*** Opening The data ***
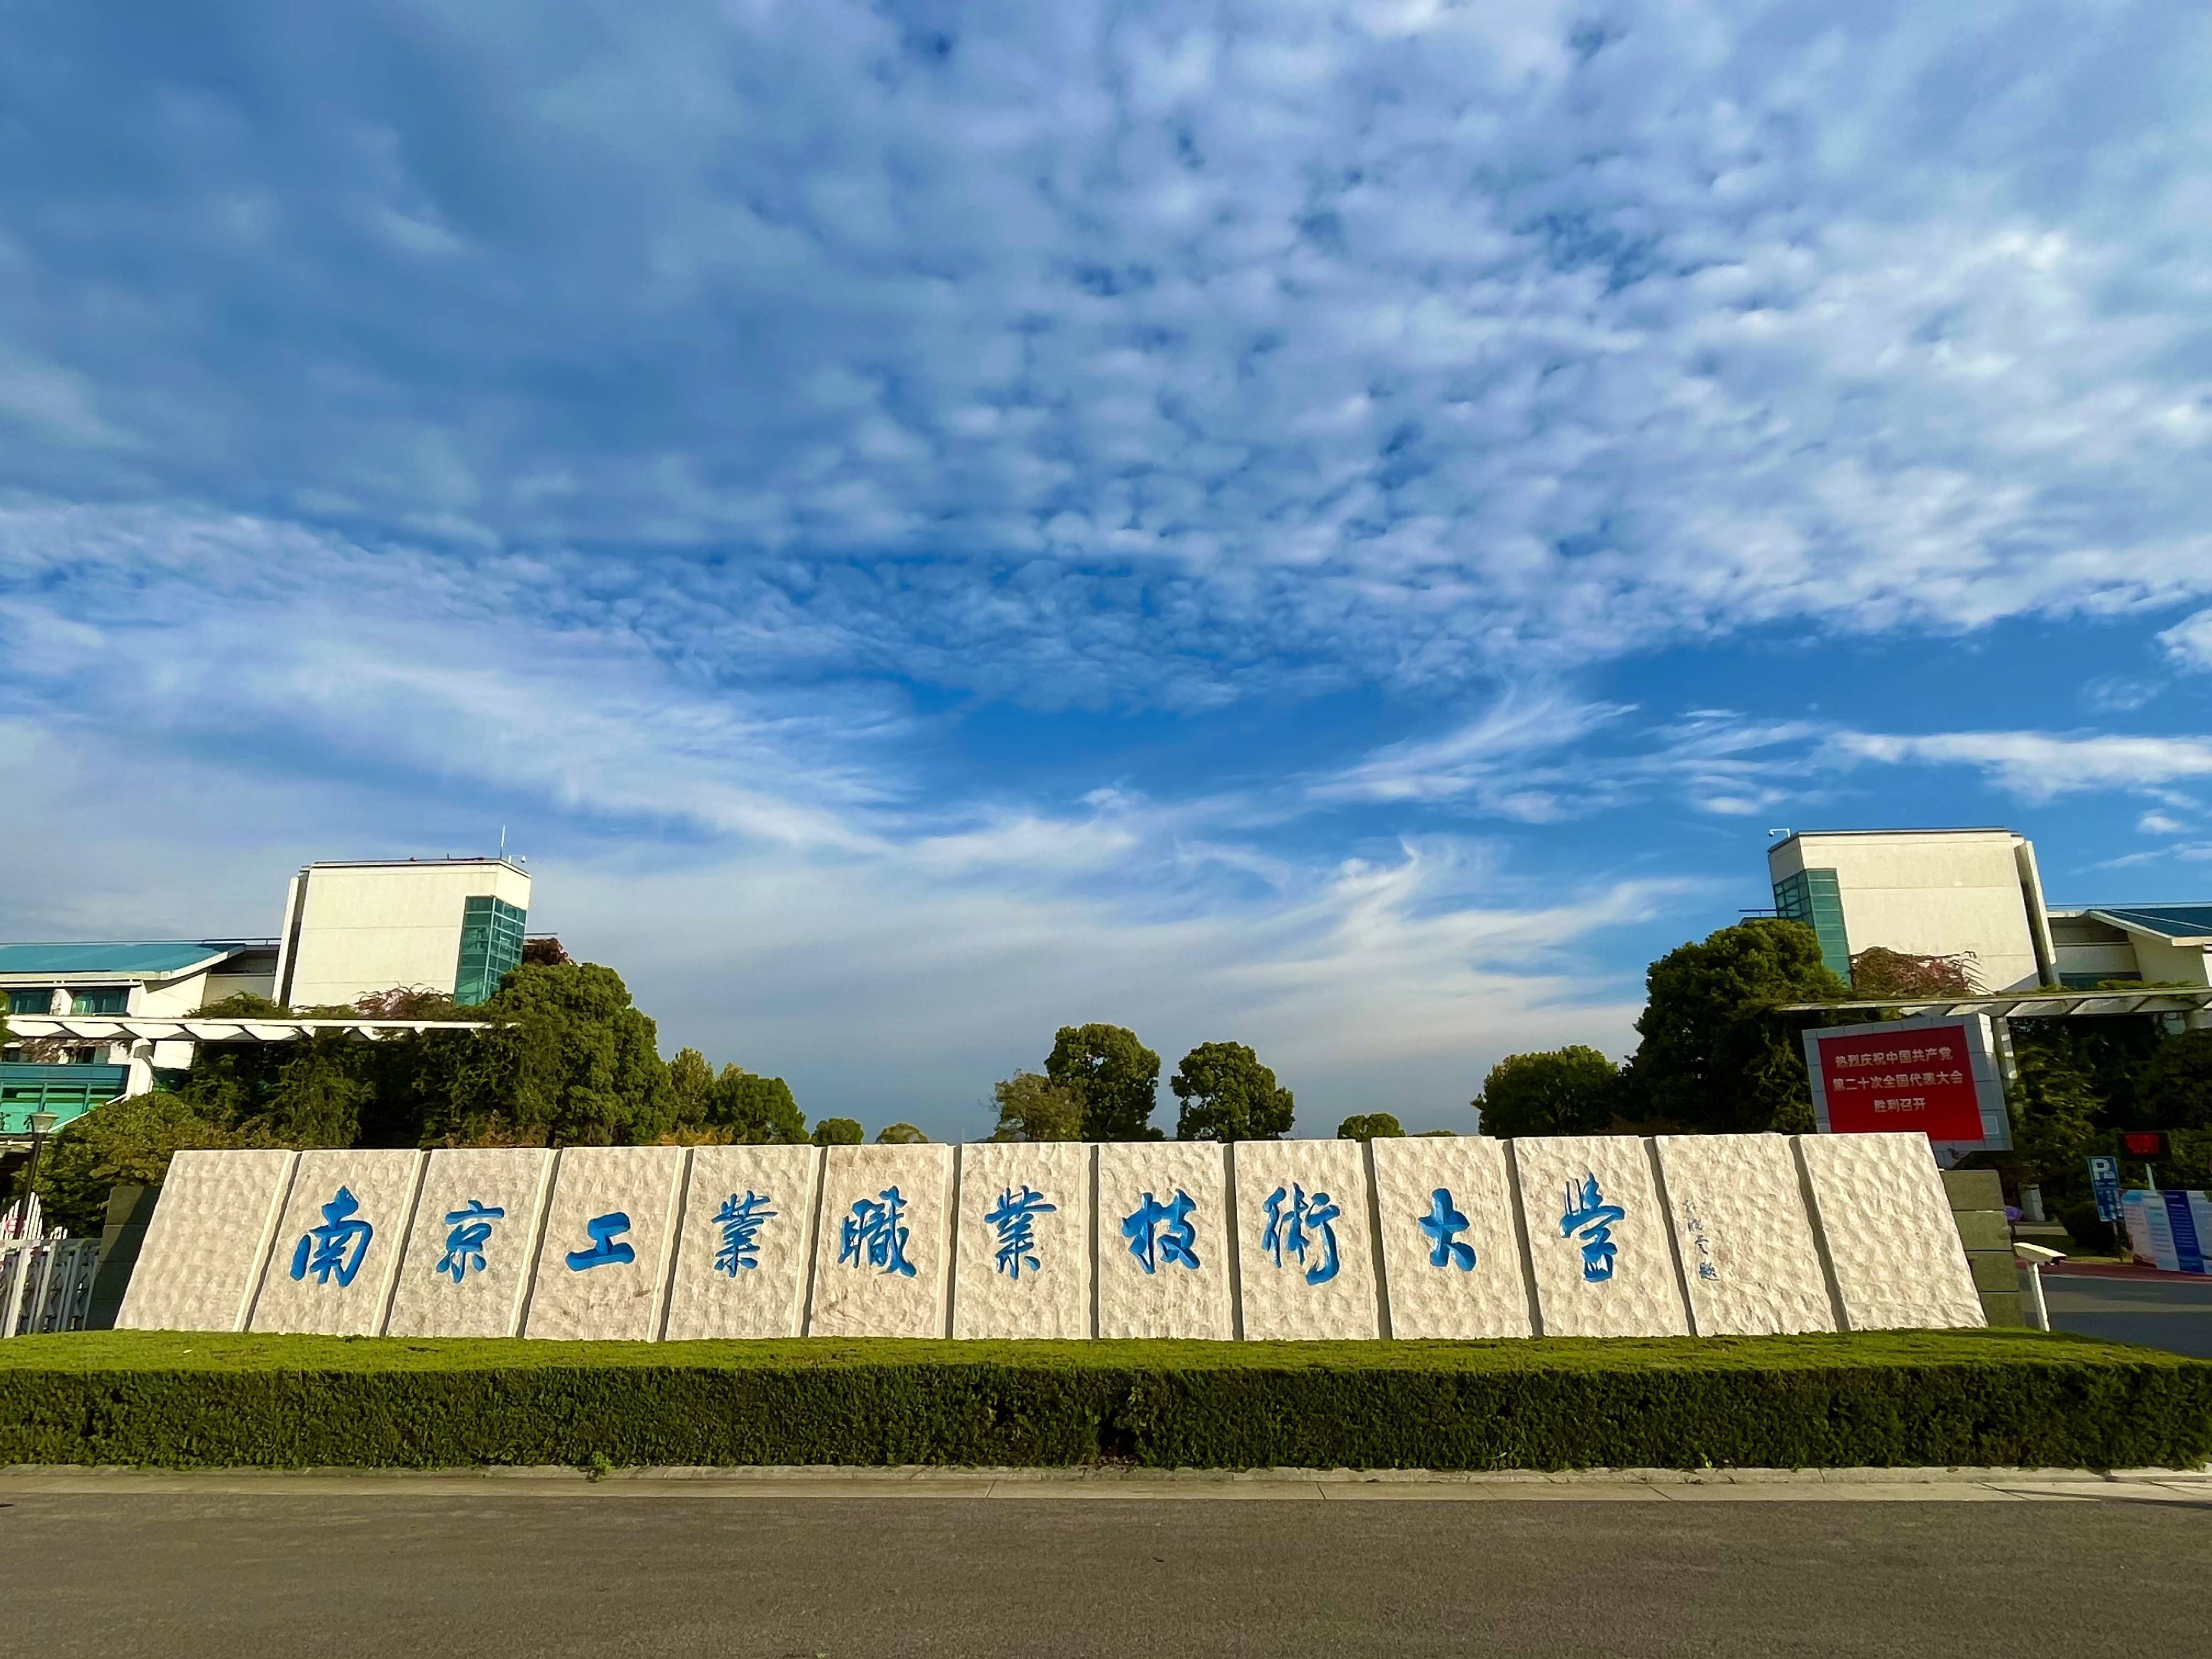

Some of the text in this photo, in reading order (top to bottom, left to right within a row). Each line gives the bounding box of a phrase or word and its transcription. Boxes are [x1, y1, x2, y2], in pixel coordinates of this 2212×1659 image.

[1835, 1047, 1953, 1068] 热烈庆祝中国共产党
[1832, 1070, 1963, 1092] 第二十次全国代表大会
[1874, 1097, 1926, 1113] 胜利召开
[2091, 1159, 2110, 1180] P
*** Closing The data ***
• [Task statement]
Output the data above exactly; pictures do not belong in the copy.

• [Written answer]
Some of the text in this photo, in reading order (top to bottom, left to right within a row). Each line gives the bounding box of a phrase or word and its transcription. Boxes are [x1, y1, x2, y2], in pixel coordinates of this 2212×1659 image.

[1835, 1047, 1953, 1068] 热烈庆祝中国共产党
[1832, 1070, 1963, 1092] 第二十次全国代表大会
[1874, 1097, 1926, 1113] 胜利召开
[2091, 1159, 2110, 1180] P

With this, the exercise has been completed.